# Activity
Write out each record below exactly, without pictures.

# Records for processing
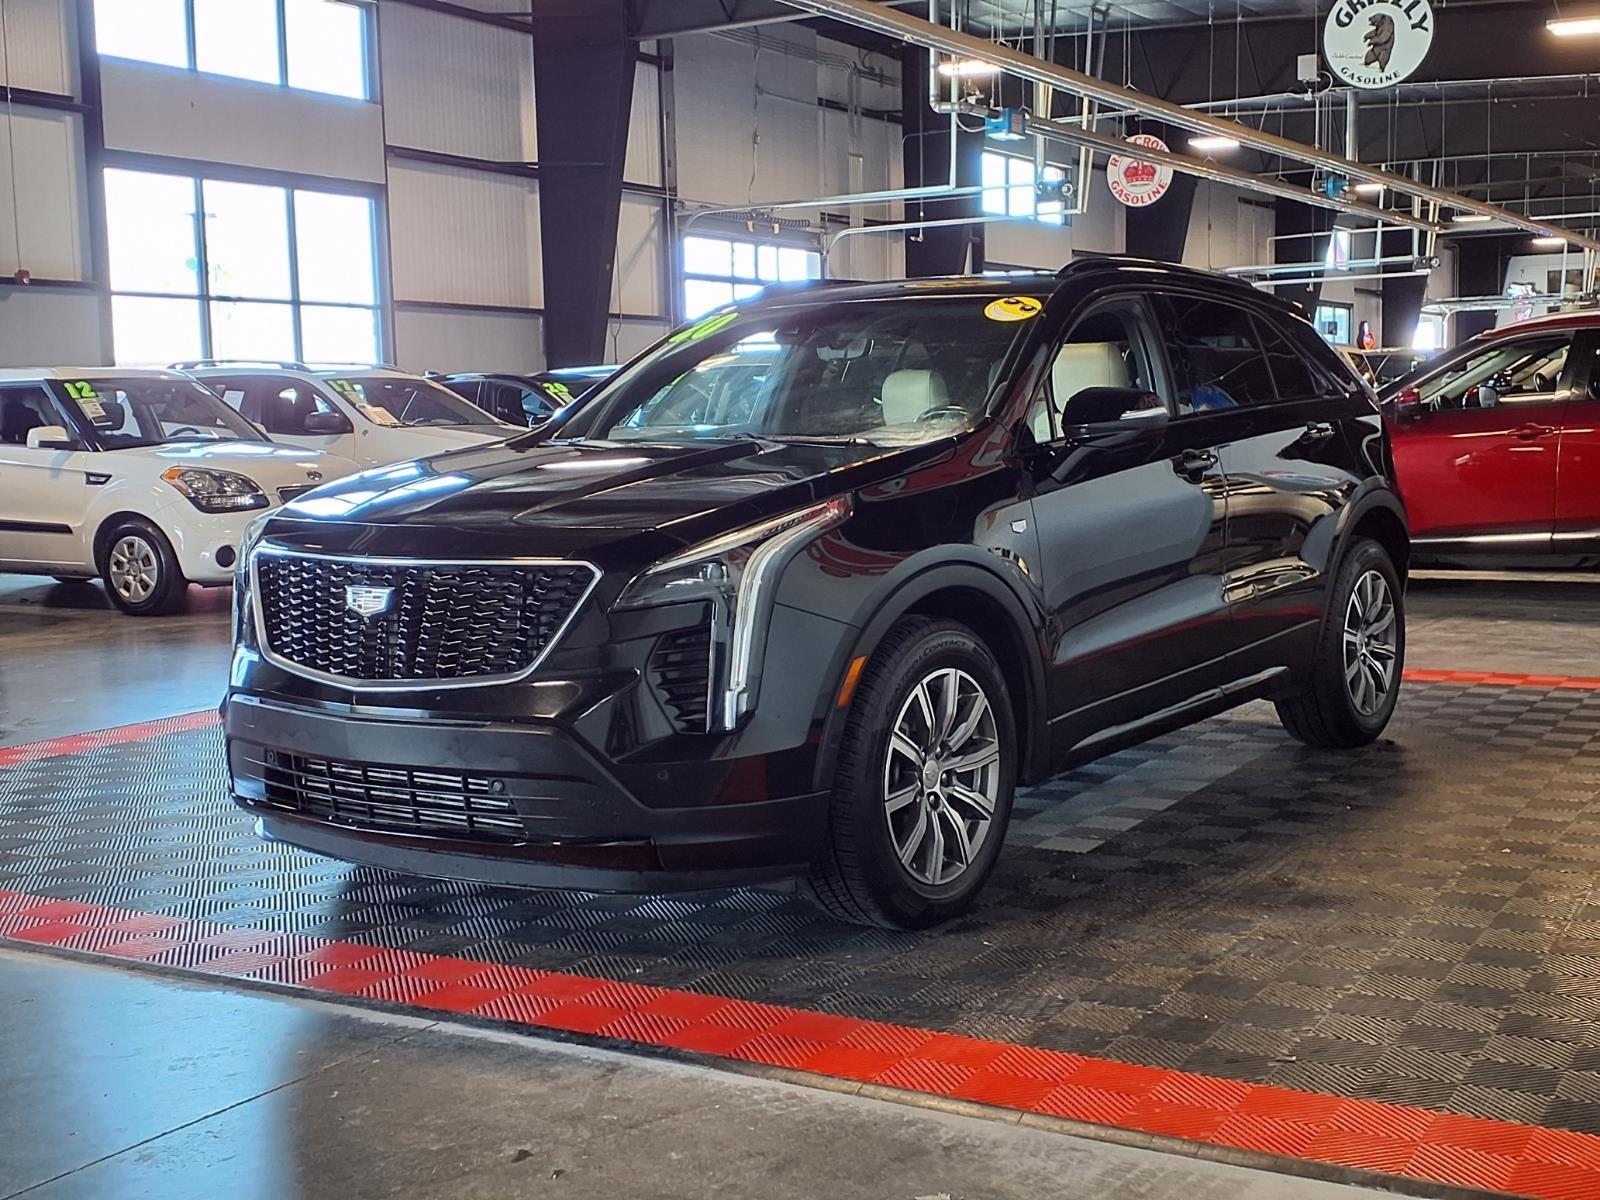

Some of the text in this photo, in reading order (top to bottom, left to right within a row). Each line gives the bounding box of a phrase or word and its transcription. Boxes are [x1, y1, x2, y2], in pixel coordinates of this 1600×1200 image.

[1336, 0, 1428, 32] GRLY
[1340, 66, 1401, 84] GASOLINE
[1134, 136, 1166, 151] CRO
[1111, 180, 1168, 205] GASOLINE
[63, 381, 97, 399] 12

# Answer box
Some of the text in this photo, in reading order (top to bottom, left to right within a row). Each line gives the bounding box of a phrase or word and its transcription. Boxes are [x1, y1, x2, y2], in pixel coordinates of this 1600×1200 image.

[1336, 0, 1428, 32] GRLY
[1340, 66, 1401, 84] GASOLINE
[1134, 136, 1166, 151] CRO
[1111, 180, 1168, 205] GASOLINE
[63, 381, 97, 399] 12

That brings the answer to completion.